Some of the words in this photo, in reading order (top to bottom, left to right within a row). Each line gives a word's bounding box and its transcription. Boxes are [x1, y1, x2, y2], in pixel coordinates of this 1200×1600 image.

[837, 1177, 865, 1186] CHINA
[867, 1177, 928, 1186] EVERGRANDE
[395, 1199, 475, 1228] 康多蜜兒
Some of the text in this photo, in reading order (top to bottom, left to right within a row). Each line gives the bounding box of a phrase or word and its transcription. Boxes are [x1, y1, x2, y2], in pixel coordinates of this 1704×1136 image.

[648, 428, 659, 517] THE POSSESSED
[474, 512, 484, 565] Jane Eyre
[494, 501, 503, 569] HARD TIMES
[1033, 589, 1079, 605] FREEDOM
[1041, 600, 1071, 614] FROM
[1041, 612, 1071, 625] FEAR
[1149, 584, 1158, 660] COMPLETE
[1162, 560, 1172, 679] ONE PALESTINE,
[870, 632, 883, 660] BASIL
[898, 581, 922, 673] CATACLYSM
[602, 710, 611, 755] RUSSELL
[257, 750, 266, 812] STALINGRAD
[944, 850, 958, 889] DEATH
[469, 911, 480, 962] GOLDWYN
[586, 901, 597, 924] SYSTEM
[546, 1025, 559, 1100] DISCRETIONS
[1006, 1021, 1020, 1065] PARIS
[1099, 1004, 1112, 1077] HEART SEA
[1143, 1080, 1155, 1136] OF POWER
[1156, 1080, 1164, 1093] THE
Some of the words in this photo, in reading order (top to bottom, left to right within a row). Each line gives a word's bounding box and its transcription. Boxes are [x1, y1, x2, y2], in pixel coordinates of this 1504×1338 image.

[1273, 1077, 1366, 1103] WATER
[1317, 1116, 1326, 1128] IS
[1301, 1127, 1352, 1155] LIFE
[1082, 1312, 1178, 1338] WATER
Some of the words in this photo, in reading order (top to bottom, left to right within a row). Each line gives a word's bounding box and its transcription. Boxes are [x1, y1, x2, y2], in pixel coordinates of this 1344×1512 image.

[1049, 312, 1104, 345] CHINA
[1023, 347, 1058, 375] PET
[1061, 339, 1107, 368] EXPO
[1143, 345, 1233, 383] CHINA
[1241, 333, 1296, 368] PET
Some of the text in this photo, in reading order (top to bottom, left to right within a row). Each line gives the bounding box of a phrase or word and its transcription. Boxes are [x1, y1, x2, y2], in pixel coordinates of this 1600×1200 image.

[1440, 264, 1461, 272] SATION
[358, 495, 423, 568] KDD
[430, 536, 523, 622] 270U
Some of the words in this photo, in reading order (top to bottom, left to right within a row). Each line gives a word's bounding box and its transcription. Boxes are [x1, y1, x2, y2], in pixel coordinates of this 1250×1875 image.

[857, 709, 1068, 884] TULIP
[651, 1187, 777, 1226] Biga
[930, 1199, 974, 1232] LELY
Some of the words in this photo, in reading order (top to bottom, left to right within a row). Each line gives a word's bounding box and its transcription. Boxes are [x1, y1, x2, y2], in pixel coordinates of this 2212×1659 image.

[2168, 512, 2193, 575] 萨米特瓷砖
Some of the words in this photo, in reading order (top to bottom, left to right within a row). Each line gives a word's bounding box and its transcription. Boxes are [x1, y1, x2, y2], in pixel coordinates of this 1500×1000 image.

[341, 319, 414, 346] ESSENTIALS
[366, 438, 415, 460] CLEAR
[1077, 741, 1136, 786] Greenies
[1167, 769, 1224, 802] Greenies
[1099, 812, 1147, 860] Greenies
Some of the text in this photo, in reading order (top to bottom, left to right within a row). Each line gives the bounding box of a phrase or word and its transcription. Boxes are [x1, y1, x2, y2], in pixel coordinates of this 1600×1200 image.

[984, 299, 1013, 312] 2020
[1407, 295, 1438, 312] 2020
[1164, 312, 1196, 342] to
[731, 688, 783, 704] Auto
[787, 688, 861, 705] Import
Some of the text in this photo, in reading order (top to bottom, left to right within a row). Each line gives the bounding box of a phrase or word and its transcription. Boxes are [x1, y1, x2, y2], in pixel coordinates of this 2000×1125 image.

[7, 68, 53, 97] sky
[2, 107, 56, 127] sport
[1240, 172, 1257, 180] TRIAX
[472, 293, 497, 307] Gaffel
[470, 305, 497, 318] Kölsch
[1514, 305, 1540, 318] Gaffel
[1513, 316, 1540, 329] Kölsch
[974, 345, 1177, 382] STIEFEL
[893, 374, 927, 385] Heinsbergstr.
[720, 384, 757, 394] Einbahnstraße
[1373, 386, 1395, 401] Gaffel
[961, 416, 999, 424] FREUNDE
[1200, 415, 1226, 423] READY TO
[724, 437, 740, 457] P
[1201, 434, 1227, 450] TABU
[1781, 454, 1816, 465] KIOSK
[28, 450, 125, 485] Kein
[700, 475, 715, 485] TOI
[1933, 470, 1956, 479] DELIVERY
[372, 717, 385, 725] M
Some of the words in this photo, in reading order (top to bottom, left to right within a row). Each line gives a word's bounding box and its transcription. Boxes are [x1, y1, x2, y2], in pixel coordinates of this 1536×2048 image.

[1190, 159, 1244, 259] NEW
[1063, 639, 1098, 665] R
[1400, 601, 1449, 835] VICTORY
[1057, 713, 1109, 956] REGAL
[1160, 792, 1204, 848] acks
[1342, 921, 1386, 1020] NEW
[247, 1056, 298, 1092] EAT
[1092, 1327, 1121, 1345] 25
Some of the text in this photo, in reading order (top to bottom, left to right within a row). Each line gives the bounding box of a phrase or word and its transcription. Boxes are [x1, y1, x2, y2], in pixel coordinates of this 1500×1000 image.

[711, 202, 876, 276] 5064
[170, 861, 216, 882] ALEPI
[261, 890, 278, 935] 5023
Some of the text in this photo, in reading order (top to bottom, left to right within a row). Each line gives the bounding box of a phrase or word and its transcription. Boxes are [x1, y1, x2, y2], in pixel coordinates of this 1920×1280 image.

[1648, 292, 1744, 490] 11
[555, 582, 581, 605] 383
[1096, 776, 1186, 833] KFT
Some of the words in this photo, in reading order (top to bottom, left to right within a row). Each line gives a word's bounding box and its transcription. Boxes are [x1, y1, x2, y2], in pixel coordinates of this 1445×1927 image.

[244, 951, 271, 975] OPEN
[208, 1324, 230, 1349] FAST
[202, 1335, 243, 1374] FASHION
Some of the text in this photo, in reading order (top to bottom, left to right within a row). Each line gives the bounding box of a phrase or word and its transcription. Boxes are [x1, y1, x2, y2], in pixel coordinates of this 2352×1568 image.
.....
PROBLEM REQUIREMENTS
Retype the entries in full. Keep every line identical.

ANSWER BELOW
Some of the words in this photo, in reading order (top to bottom, left to right within a row). Each line gives a word's bounding box and its transcription. Boxes are [x1, y1, x2, y2], in pixel coordinates of this 1200×1600 image.

[837, 1177, 865, 1186] CHINA
[867, 1177, 928, 1186] EVERGRANDE
[395, 1199, 475, 1228] 康多蜜兒
Some of the text in this photo, in reading order (top to bottom, left to right within a row). Each line gives the bounding box of a phrase or word and its transcription. Boxes are [x1, y1, x2, y2], in pixel coordinates of this 1704×1136 image.

[648, 428, 659, 517] THE POSSESSED
[474, 512, 484, 565] Jane Eyre
[494, 501, 503, 569] HARD TIMES
[1033, 589, 1079, 605] FREEDOM
[1041, 600, 1071, 614] FROM
[1041, 612, 1071, 625] FEAR
[1149, 584, 1158, 660] COMPLETE
[1162, 560, 1172, 679] ONE PALESTINE,
[870, 632, 883, 660] BASIL
[898, 581, 922, 673] CATACLYSM
[602, 710, 611, 755] RUSSELL
[257, 750, 266, 812] STALINGRAD
[944, 850, 958, 889] DEATH
[469, 911, 480, 962] GOLDWYN
[586, 901, 597, 924] SYSTEM
[546, 1025, 559, 1100] DISCRETIONS
[1006, 1021, 1020, 1065] PARIS
[1099, 1004, 1112, 1077] HEART SEA
[1143, 1080, 1155, 1136] OF POWER
[1156, 1080, 1164, 1093] THE
Some of the words in this photo, in reading order (top to bottom, left to right within a row). Each line gives a word's bounding box and its transcription. Boxes are [x1, y1, x2, y2], in pixel coordinates of this 1504×1338 image.

[1273, 1077, 1366, 1103] WATER
[1317, 1116, 1326, 1128] IS
[1301, 1127, 1352, 1155] LIFE
[1082, 1312, 1178, 1338] WATER
Some of the words in this photo, in reading order (top to bottom, left to right within a row). Each line gives a word's bounding box and its transcription. Boxes are [x1, y1, x2, y2], in pixel coordinates of this 1344×1512 image.

[1049, 312, 1104, 345] CHINA
[1023, 347, 1058, 375] PET
[1061, 339, 1107, 368] EXPO
[1143, 345, 1233, 383] CHINA
[1241, 333, 1296, 368] PET
Some of the text in this photo, in reading order (top to bottom, left to right within a row). Each line gives the bounding box of a phrase or word and its transcription. Boxes are [x1, y1, x2, y2], in pixel coordinates of this 1600×1200 image.

[1440, 264, 1461, 272] SATION
[358, 495, 423, 568] KDD
[430, 536, 523, 622] 270U
Some of the words in this photo, in reading order (top to bottom, left to right within a row). Each line gives a word's bounding box and its transcription. Boxes are [x1, y1, x2, y2], in pixel coordinates of this 1250×1875 image.

[857, 709, 1068, 884] TULIP
[651, 1187, 777, 1226] Biga
[930, 1199, 974, 1232] LELY
Some of the words in this photo, in reading order (top to bottom, left to right within a row). Each line gives a word's bounding box and its transcription. Boxes are [x1, y1, x2, y2], in pixel coordinates of this 2212×1659 image.

[2168, 512, 2193, 575] 萨米特瓷砖
Some of the words in this photo, in reading order (top to bottom, left to right within a row). Each line gives a word's bounding box and its transcription. Boxes are [x1, y1, x2, y2], in pixel coordinates of this 1500×1000 image.

[341, 319, 414, 346] ESSENTIALS
[366, 438, 415, 460] CLEAR
[1077, 741, 1136, 786] Greenies
[1167, 769, 1224, 802] Greenies
[1099, 812, 1147, 860] Greenies
Some of the text in this photo, in reading order (top to bottom, left to right within a row). Each line gives the bounding box of a phrase or word and its transcription. Boxes are [x1, y1, x2, y2], in pixel coordinates of this 1600×1200 image.

[984, 299, 1013, 312] 2020
[1407, 295, 1438, 312] 2020
[1164, 312, 1196, 342] to
[731, 688, 783, 704] Auto
[787, 688, 861, 705] Import
Some of the text in this photo, in reading order (top to bottom, left to right within a row). Each line gives the bounding box of a phrase or word and its transcription. Boxes are [x1, y1, x2, y2], in pixel coordinates of this 2000×1125 image.

[7, 68, 53, 97] sky
[2, 107, 56, 127] sport
[1240, 172, 1257, 180] TRIAX
[472, 293, 497, 307] Gaffel
[470, 305, 497, 318] Kölsch
[1514, 305, 1540, 318] Gaffel
[1513, 316, 1540, 329] Kölsch
[974, 345, 1177, 382] STIEFEL
[893, 374, 927, 385] Heinsbergstr.
[720, 384, 757, 394] Einbahnstraße
[1373, 386, 1395, 401] Gaffel
[961, 416, 999, 424] FREUNDE
[1200, 415, 1226, 423] READY TO
[724, 437, 740, 457] P
[1201, 434, 1227, 450] TABU
[1781, 454, 1816, 465] KIOSK
[28, 450, 125, 485] Kein
[700, 475, 715, 485] TOI
[1933, 470, 1956, 479] DELIVERY
[372, 717, 385, 725] M
Some of the words in this photo, in reading order (top to bottom, left to right within a row). Each line gives a word's bounding box and its transcription. Boxes are [x1, y1, x2, y2], in pixel coordinates of this 1536×2048 image.

[1190, 159, 1244, 259] NEW
[1063, 639, 1098, 665] R
[1400, 601, 1449, 835] VICTORY
[1057, 713, 1109, 956] REGAL
[1160, 792, 1204, 848] acks
[1342, 921, 1386, 1020] NEW
[247, 1056, 298, 1092] EAT
[1092, 1327, 1121, 1345] 25
Some of the text in this photo, in reading order (top to bottom, left to right within a row). Each line gives the bounding box of a phrase or word and its transcription. Boxes are [x1, y1, x2, y2], in pixel coordinates of this 1500×1000 image.

[711, 202, 876, 276] 5064
[170, 861, 216, 882] ALEPI
[261, 890, 278, 935] 5023
Some of the text in this photo, in reading order (top to bottom, left to right within a row). Each line gives the bounding box of a phrase or word and its transcription. Boxes are [x1, y1, x2, y2], in pixel coordinates of this 1920×1280 image.

[1648, 292, 1744, 490] 11
[555, 582, 581, 605] 383
[1096, 776, 1186, 833] KFT
Some of the words in this photo, in reading order (top to bottom, left to right within a row). Each line gives a word's bounding box and its transcription. Boxes are [x1, y1, x2, y2], in pixel coordinates of this 1445×1927 image.

[244, 951, 271, 975] OPEN
[208, 1324, 230, 1349] FAST
[202, 1335, 243, 1374] FASHION
Some of the text in this photo, in reading order (top to bottom, left to right within a row). Each line gives the bounding box of a phrase or word and its transcription. Boxes are [x1, y1, x2, y2], in pixel coordinates of this 2352×1568 image.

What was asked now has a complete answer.